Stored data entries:

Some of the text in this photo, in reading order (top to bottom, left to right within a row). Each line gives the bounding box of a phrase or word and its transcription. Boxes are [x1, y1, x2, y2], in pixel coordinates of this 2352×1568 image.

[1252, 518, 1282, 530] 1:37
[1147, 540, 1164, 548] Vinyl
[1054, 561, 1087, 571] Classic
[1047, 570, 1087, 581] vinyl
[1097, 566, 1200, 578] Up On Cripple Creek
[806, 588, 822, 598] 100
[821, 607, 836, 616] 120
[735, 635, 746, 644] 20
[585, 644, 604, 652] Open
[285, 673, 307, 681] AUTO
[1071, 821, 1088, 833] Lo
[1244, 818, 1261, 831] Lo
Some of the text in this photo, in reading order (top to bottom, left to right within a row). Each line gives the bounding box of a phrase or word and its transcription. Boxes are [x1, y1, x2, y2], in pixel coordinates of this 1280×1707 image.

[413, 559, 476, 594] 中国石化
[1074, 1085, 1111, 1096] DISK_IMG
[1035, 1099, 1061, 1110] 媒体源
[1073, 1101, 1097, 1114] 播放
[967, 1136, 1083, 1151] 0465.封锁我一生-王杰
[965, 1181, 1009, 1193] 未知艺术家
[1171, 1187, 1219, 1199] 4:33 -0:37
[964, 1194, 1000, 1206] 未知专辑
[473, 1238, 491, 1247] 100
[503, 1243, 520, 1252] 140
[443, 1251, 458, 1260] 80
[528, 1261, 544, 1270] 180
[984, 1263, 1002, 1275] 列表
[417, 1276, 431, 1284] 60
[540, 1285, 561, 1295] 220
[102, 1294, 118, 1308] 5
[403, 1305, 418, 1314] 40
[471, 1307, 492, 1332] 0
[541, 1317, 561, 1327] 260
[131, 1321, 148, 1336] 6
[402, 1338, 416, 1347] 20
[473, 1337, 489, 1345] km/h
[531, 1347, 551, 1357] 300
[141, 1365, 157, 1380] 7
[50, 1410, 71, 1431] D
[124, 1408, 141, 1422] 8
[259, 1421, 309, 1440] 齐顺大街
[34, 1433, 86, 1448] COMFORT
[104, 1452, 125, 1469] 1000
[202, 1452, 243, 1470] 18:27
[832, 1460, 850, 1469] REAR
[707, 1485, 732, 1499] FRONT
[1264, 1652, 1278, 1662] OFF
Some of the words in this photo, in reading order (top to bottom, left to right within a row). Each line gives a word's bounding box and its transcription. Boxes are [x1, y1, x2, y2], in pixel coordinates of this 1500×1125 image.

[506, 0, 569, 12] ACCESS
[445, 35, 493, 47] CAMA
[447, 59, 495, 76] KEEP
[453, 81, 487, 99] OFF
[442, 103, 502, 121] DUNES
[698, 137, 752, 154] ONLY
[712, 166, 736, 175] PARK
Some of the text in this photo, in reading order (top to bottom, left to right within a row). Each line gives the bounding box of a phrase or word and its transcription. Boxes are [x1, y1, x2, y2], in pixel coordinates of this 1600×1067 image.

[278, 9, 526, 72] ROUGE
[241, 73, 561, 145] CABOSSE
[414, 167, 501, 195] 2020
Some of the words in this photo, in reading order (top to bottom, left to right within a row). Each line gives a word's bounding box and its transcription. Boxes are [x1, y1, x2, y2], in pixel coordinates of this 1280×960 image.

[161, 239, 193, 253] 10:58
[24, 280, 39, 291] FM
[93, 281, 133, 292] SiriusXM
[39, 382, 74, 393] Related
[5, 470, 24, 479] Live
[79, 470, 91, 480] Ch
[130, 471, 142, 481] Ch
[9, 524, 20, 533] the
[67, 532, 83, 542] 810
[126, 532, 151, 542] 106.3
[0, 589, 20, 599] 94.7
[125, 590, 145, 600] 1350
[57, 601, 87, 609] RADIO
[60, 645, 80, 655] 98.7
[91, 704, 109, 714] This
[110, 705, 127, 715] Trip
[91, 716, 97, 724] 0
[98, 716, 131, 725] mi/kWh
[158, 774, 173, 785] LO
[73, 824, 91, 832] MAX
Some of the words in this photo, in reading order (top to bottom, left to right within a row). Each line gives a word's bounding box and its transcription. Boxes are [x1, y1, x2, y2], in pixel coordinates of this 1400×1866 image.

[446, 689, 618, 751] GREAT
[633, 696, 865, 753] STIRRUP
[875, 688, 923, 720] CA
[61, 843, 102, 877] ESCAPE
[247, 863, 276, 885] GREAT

> _Assigned task_:
Word for word, restate the lines above.

> _Answer to this exercise_:
Some of the text in this photo, in reading order (top to bottom, left to right within a row). Each line gives the bounding box of a phrase or word and its transcription. Boxes are [x1, y1, x2, y2], in pixel coordinates of this 2352×1568 image.

[1252, 518, 1282, 530] 1:37
[1147, 540, 1164, 548] Vinyl
[1054, 561, 1087, 571] Classic
[1047, 570, 1087, 581] vinyl
[1097, 566, 1200, 578] Up On Cripple Creek
[806, 588, 822, 598] 100
[821, 607, 836, 616] 120
[735, 635, 746, 644] 20
[585, 644, 604, 652] Open
[285, 673, 307, 681] AUTO
[1071, 821, 1088, 833] Lo
[1244, 818, 1261, 831] Lo
Some of the text in this photo, in reading order (top to bottom, left to right within a row). Each line gives the bounding box of a phrase or word and its transcription. Boxes are [x1, y1, x2, y2], in pixel coordinates of this 1280×1707 image.

[413, 559, 476, 594] 中国石化
[1074, 1085, 1111, 1096] DISK_IMG
[1035, 1099, 1061, 1110] 媒体源
[1073, 1101, 1097, 1114] 播放
[967, 1136, 1083, 1151] 0465.封锁我一生-王杰
[965, 1181, 1009, 1193] 未知艺术家
[1171, 1187, 1219, 1199] 4:33 -0:37
[964, 1194, 1000, 1206] 未知专辑
[473, 1238, 491, 1247] 100
[503, 1243, 520, 1252] 140
[443, 1251, 458, 1260] 80
[528, 1261, 544, 1270] 180
[984, 1263, 1002, 1275] 列表
[417, 1276, 431, 1284] 60
[540, 1285, 561, 1295] 220
[102, 1294, 118, 1308] 5
[403, 1305, 418, 1314] 40
[471, 1307, 492, 1332] 0
[541, 1317, 561, 1327] 260
[131, 1321, 148, 1336] 6
[402, 1338, 416, 1347] 20
[473, 1337, 489, 1345] km/h
[531, 1347, 551, 1357] 300
[141, 1365, 157, 1380] 7
[50, 1410, 71, 1431] D
[124, 1408, 141, 1422] 8
[259, 1421, 309, 1440] 齐顺大街
[34, 1433, 86, 1448] COMFORT
[104, 1452, 125, 1469] 1000
[202, 1452, 243, 1470] 18:27
[832, 1460, 850, 1469] REAR
[707, 1485, 732, 1499] FRONT
[1264, 1652, 1278, 1662] OFF
Some of the words in this photo, in reading order (top to bottom, left to right within a row). Each line gives a word's bounding box and its transcription. Boxes are [x1, y1, x2, y2], in pixel coordinates of this 1500×1125 image.

[506, 0, 569, 12] ACCESS
[445, 35, 493, 47] CAMA
[447, 59, 495, 76] KEEP
[453, 81, 487, 99] OFF
[442, 103, 502, 121] DUNES
[698, 137, 752, 154] ONLY
[712, 166, 736, 175] PARK
Some of the text in this photo, in reading order (top to bottom, left to right within a row). Each line gives the bounding box of a phrase or word and its transcription. Boxes are [x1, y1, x2, y2], in pixel coordinates of this 1600×1067 image.

[278, 9, 526, 72] ROUGE
[241, 73, 561, 145] CABOSSE
[414, 167, 501, 195] 2020
Some of the words in this photo, in reading order (top to bottom, left to right within a row). Each line gives a word's bounding box and its transcription. Boxes are [x1, y1, x2, y2], in pixel coordinates of this 1280×960 image.

[161, 239, 193, 253] 10:58
[24, 280, 39, 291] FM
[93, 281, 133, 292] SiriusXM
[39, 382, 74, 393] Related
[5, 470, 24, 479] Live
[79, 470, 91, 480] Ch
[130, 471, 142, 481] Ch
[9, 524, 20, 533] the
[67, 532, 83, 542] 810
[126, 532, 151, 542] 106.3
[0, 589, 20, 599] 94.7
[125, 590, 145, 600] 1350
[57, 601, 87, 609] RADIO
[60, 645, 80, 655] 98.7
[91, 704, 109, 714] This
[110, 705, 127, 715] Trip
[91, 716, 97, 724] 0
[98, 716, 131, 725] mi/kWh
[158, 774, 173, 785] LO
[73, 824, 91, 832] MAX
Some of the words in this photo, in reading order (top to bottom, left to right within a row). Each line gives a word's bounding box and its transcription. Boxes are [x1, y1, x2, y2], in pixel coordinates of this 1400×1866 image.

[446, 689, 618, 751] GREAT
[633, 696, 865, 753] STIRRUP
[875, 688, 923, 720] CA
[61, 843, 102, 877] ESCAPE
[247, 863, 276, 885] GREAT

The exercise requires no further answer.